So I looked at the function, my only worry is that the cache should be
cleared if I'm overwriting the cache with the same table name. I did this
experiment and the cache shows as table not cached but want to confirm
this. In addition to not using the old table values is it actually
removed/overwritten in memory?
scala> df.collect
res54: Array[org.apache.spark.sql.Row] = Array([blue,#0033FF],
[red,#FF0000], [green,#FSKA]) <=== 3 rows
scala> df2.collect
res55: Array[org.apache.spark.sql.Row] = Array([blue,#0033FF],
[red,#FF0000]) <=== 2 rows
scala> df.registerTempTable("myColorsTable")
scala> sqlContext.isCached("myColorsTable")
res58: Boolean = false
scala> sqlContext.cacheTable("myColorsTable") <=== cache table in df(3 rows)
scala> sqlContext.isCached("myColorsTable")
res60: Boolean = true
scala> sqlContext.sql("select * from myColorsTable").foreach(println)
<=== sql is running on df(3 rows)
[blue,#0033FF]
[red,#FF0000]
[green,#FSKA]
scala> df2.registerTempTable("myColorsTable") <=== register another
table with the same table name
*scala> sqlContext.isCached("myColorsTable")
res63: Boolean = false*
scala> sqlContext.sql("select * from myColorsTable").foreach(println)
<=== sql is running on df2(2 rows)
[blue,#0033FF]
[red,#FF0000]
On Fri, Dec 18, 2015 at 11:17 PM, Ted Yu <[email protected]> wrote:
> This method in CacheManager:
> private[sql] def lookupCachedData(plan: LogicalPlan): Option[CachedData]
> = readLock {
> cachedData.find(cd => plan.sameResult(cd.plan))
>
> Ied me to the following in
> sql/catalyst/src/main/scala/org/apache/spark/sql/catalyst/plans/logical/LogicalPlan.scala
> :
>
> def sameResult(plan: LogicalPlan): Boolean = {
>
> There is detailed comment above this method which should give some idea.
>
> Cheers
>
> On Fri, Dec 18, 2015 at 9:21 AM, Sahil Sareen <[email protected]> wrote:
>
>> Thanks Ted!
>>
>> Yes, The schema might be different or the same.
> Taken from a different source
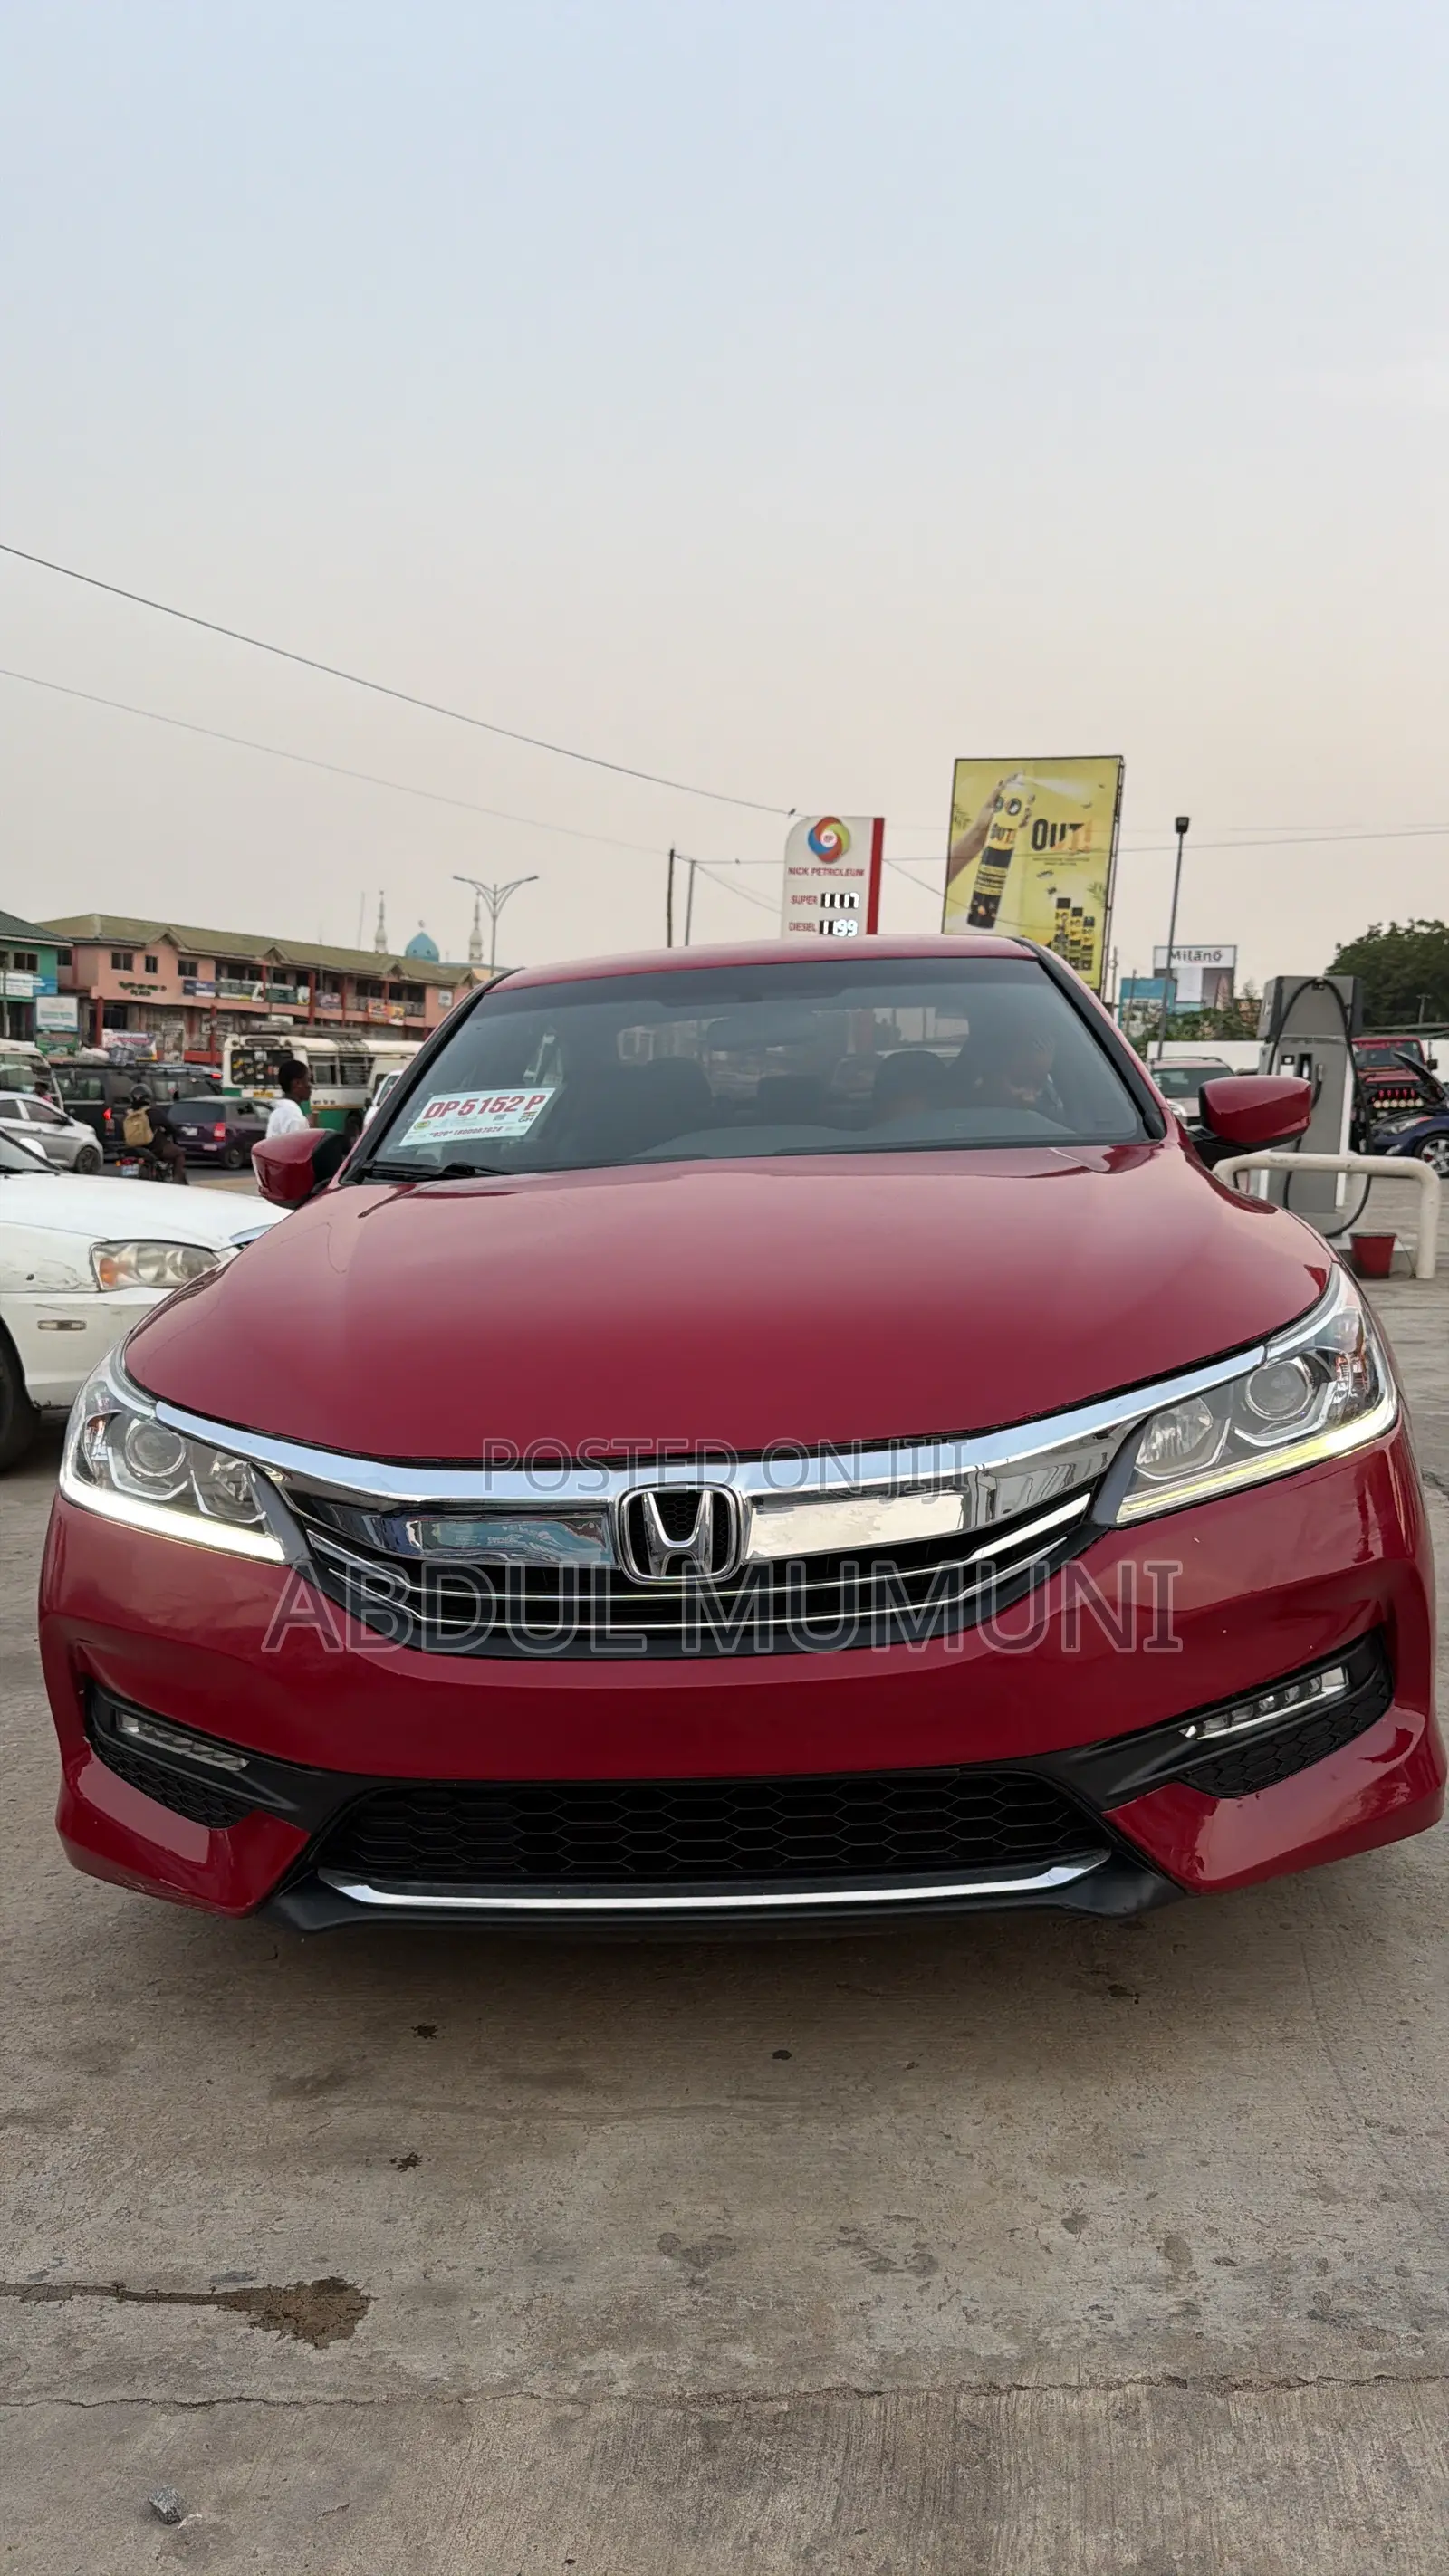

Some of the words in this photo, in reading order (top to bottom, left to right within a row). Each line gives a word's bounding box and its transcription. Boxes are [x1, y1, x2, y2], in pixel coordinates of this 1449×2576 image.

[811, 867, 865, 877] PETROLEUM
[790, 895, 818, 905] SUPER
[788, 921, 817, 932] DIESEL
>> What would be the answer for each situation?
>>
>> On Fri, Dec 18, 2015 at 6:02 PM, Ted Yu <[email protected]> wrote:
>>
>>> CacheManager#cacheQuery() is called where:
>>> * Caches the data produced by the logical representation of the given
>>> [[Queryable]].
>>> ...
>>> val planToCache = query.queryExecution.analyzed
>>> if (lookupCachedData(planToCache).nonEmpty) {
>>>
>>> Is the schema for dfNew different from that of dfOld ?
>>>
>>> Cheers
>>>
>>> On Fri, Dec 18, 2015 at 3:33 AM, Sahil Sareen <[email protected]>
>>> wrote:
>>>
>>>> Spark 1.5.2
>>>>
>>>> dfOld.registerTempTable("oldTableName")
>>>> sqlContext.cacheTable("oldTableName")
>>>> // ....
>>>> // do something
>>>> // ....
>>>> dfNew.registerTempTable("oldTableName")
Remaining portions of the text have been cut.